● **Instructions for the task**:
Nothing in the entries should be altered. Write them out in full.

*** Opening Provided records ***

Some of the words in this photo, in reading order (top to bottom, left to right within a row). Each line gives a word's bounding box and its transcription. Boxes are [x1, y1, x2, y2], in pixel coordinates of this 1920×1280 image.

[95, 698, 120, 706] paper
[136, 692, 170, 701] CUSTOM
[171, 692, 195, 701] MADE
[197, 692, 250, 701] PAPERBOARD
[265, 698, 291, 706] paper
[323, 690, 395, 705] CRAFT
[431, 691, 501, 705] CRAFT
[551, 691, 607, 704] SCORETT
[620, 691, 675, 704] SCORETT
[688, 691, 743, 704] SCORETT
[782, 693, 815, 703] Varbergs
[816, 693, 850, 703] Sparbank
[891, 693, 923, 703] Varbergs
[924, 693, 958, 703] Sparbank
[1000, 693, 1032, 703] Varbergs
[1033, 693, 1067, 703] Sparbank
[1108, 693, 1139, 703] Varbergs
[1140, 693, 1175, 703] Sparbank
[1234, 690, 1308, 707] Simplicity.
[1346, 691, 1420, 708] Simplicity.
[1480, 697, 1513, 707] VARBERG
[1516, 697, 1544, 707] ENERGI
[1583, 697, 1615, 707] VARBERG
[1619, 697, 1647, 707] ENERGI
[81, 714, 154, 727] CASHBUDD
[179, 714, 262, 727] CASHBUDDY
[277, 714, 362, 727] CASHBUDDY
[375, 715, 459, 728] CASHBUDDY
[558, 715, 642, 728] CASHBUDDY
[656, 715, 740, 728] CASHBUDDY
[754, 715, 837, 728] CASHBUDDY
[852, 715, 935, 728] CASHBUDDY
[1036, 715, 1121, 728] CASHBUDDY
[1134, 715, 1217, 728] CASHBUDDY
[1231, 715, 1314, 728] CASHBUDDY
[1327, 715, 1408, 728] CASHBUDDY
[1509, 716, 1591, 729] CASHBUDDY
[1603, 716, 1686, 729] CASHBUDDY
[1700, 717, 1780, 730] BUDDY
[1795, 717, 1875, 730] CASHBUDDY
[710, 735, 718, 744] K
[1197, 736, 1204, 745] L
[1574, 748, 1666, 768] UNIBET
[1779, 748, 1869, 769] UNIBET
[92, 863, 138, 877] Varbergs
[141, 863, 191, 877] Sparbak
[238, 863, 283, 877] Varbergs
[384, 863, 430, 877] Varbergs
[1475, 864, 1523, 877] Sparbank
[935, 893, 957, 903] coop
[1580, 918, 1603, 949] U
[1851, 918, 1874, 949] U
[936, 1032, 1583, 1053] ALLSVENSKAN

*** Closing Provided records ***

● **Output for this exercise**:
Some of the words in this photo, in reading order (top to bottom, left to right within a row). Each line gives a word's bounding box and its transcription. Boxes are [x1, y1, x2, y2], in pixel coordinates of this 1920×1280 image.

[95, 698, 120, 706] paper
[136, 692, 170, 701] CUSTOM
[171, 692, 195, 701] MADE
[197, 692, 250, 701] PAPERBOARD
[265, 698, 291, 706] paper
[323, 690, 395, 705] CRAFT
[431, 691, 501, 705] CRAFT
[551, 691, 607, 704] SCORETT
[620, 691, 675, 704] SCORETT
[688, 691, 743, 704] SCORETT
[782, 693, 815, 703] Varbergs
[816, 693, 850, 703] Sparbank
[891, 693, 923, 703] Varbergs
[924, 693, 958, 703] Sparbank
[1000, 693, 1032, 703] Varbergs
[1033, 693, 1067, 703] Sparbank
[1108, 693, 1139, 703] Varbergs
[1140, 693, 1175, 703] Sparbank
[1234, 690, 1308, 707] Simplicity.
[1346, 691, 1420, 708] Simplicity.
[1480, 697, 1513, 707] VARBERG
[1516, 697, 1544, 707] ENERGI
[1583, 697, 1615, 707] VARBERG
[1619, 697, 1647, 707] ENERGI
[81, 714, 154, 727] CASHBUDD
[179, 714, 262, 727] CASHBUDDY
[277, 714, 362, 727] CASHBUDDY
[375, 715, 459, 728] CASHBUDDY
[558, 715, 642, 728] CASHBUDDY
[656, 715, 740, 728] CASHBUDDY
[754, 715, 837, 728] CASHBUDDY
[852, 715, 935, 728] CASHBUDDY
[1036, 715, 1121, 728] CASHBUDDY
[1134, 715, 1217, 728] CASHBUDDY
[1231, 715, 1314, 728] CASHBUDDY
[1327, 715, 1408, 728] CASHBUDDY
[1509, 716, 1591, 729] CASHBUDDY
[1603, 716, 1686, 729] CASHBUDDY
[1700, 717, 1780, 730] BUDDY
[1795, 717, 1875, 730] CASHBUDDY
[710, 735, 718, 744] K
[1197, 736, 1204, 745] L
[1574, 748, 1666, 768] UNIBET
[1779, 748, 1869, 769] UNIBET
[92, 863, 138, 877] Varbergs
[141, 863, 191, 877] Sparbak
[238, 863, 283, 877] Varbergs
[384, 863, 430, 877] Varbergs
[1475, 864, 1523, 877] Sparbank
[935, 893, 957, 903] coop
[1580, 918, 1603, 949] U
[1851, 918, 1874, 949] U
[936, 1032, 1583, 1053] ALLSVENSKAN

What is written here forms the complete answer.